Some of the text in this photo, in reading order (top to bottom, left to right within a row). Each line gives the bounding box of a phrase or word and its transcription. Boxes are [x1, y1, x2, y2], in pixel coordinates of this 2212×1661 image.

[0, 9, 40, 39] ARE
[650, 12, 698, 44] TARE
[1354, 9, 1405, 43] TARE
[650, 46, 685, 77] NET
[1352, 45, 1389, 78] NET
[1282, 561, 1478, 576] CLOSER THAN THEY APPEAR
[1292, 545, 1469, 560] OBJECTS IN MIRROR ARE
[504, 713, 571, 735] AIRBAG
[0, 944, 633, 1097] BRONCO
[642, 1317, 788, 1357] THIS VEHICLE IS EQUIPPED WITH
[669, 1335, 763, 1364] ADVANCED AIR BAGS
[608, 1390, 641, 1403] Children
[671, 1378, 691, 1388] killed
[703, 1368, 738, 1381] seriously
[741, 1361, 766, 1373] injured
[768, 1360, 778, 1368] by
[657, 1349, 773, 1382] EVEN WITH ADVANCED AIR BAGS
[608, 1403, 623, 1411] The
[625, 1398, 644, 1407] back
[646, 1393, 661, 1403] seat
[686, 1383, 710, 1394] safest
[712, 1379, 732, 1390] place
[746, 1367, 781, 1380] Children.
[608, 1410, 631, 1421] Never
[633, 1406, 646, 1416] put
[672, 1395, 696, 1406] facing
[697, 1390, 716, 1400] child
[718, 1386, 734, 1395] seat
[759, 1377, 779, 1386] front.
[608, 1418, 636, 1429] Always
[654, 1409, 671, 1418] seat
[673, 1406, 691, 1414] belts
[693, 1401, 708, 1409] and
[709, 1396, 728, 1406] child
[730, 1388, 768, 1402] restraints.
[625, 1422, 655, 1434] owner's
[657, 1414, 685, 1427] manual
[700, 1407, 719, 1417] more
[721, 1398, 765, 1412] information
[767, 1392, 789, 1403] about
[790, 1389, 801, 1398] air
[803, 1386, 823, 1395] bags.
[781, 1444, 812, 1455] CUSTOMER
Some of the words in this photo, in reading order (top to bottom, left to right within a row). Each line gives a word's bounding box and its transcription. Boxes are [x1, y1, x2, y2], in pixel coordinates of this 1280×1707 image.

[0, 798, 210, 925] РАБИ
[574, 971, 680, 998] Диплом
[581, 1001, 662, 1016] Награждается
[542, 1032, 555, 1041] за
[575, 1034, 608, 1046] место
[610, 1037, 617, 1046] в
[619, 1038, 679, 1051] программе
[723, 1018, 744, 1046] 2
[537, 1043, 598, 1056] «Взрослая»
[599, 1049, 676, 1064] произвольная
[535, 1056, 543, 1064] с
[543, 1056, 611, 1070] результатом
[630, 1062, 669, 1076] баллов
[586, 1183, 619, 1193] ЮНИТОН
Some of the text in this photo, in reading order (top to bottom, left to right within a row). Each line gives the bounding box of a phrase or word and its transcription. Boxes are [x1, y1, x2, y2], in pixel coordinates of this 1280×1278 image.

■ ■ ■ ■

Return each entry from the material above exactly as it appears.

» Task answer
Some of the text in this photo, in reading order (top to bottom, left to right within a row). Each line gives the bounding box of a phrase or word and its transcription. Boxes are [x1, y1, x2, y2], in pixel coordinates of this 2212×1661 image.

[0, 9, 40, 39] ARE
[650, 12, 698, 44] TARE
[1354, 9, 1405, 43] TARE
[650, 46, 685, 77] NET
[1352, 45, 1389, 78] NET
[1282, 561, 1478, 576] CLOSER THAN THEY APPEAR
[1292, 545, 1469, 560] OBJECTS IN MIRROR ARE
[504, 713, 571, 735] AIRBAG
[0, 944, 633, 1097] BRONCO
[642, 1317, 788, 1357] THIS VEHICLE IS EQUIPPED WITH
[669, 1335, 763, 1364] ADVANCED AIR BAGS
[608, 1390, 641, 1403] Children
[671, 1378, 691, 1388] killed
[703, 1368, 738, 1381] seriously
[741, 1361, 766, 1373] injured
[768, 1360, 778, 1368] by
[657, 1349, 773, 1382] EVEN WITH ADVANCED AIR BAGS
[608, 1403, 623, 1411] The
[625, 1398, 644, 1407] back
[646, 1393, 661, 1403] seat
[686, 1383, 710, 1394] safest
[712, 1379, 732, 1390] place
[746, 1367, 781, 1380] Children.
[608, 1410, 631, 1421] Never
[633, 1406, 646, 1416] put
[672, 1395, 696, 1406] facing
[697, 1390, 716, 1400] child
[718, 1386, 734, 1395] seat
[759, 1377, 779, 1386] front.
[608, 1418, 636, 1429] Always
[654, 1409, 671, 1418] seat
[673, 1406, 691, 1414] belts
[693, 1401, 708, 1409] and
[709, 1396, 728, 1406] child
[730, 1388, 768, 1402] restraints.
[625, 1422, 655, 1434] owner's
[657, 1414, 685, 1427] manual
[700, 1407, 719, 1417] more
[721, 1398, 765, 1412] information
[767, 1392, 789, 1403] about
[790, 1389, 801, 1398] air
[803, 1386, 823, 1395] bags.
[781, 1444, 812, 1455] CUSTOMER
Some of the words in this photo, in reading order (top to bottom, left to right within a row). Each line gives a word's bounding box and its transcription. Boxes are [x1, y1, x2, y2], in pixel coordinates of this 1280×1707 image.

[0, 798, 210, 925] РАБИ
[574, 971, 680, 998] Диплом
[581, 1001, 662, 1016] Награждается
[542, 1032, 555, 1041] за
[575, 1034, 608, 1046] место
[610, 1037, 617, 1046] в
[619, 1038, 679, 1051] программе
[723, 1018, 744, 1046] 2
[537, 1043, 598, 1056] «Взрослая»
[599, 1049, 676, 1064] произвольная
[535, 1056, 543, 1064] с
[543, 1056, 611, 1070] результатом
[630, 1062, 669, 1076] баллов
[586, 1183, 619, 1193] ЮНИТОН
Some of the text in this photo, in reading order (top to bottom, left to right within a row). Each line gives the bounding box of a phrase or word and its transcription. Boxes are [x1, y1, x2, y2], in pixel coordinates of this 1280×1278 image.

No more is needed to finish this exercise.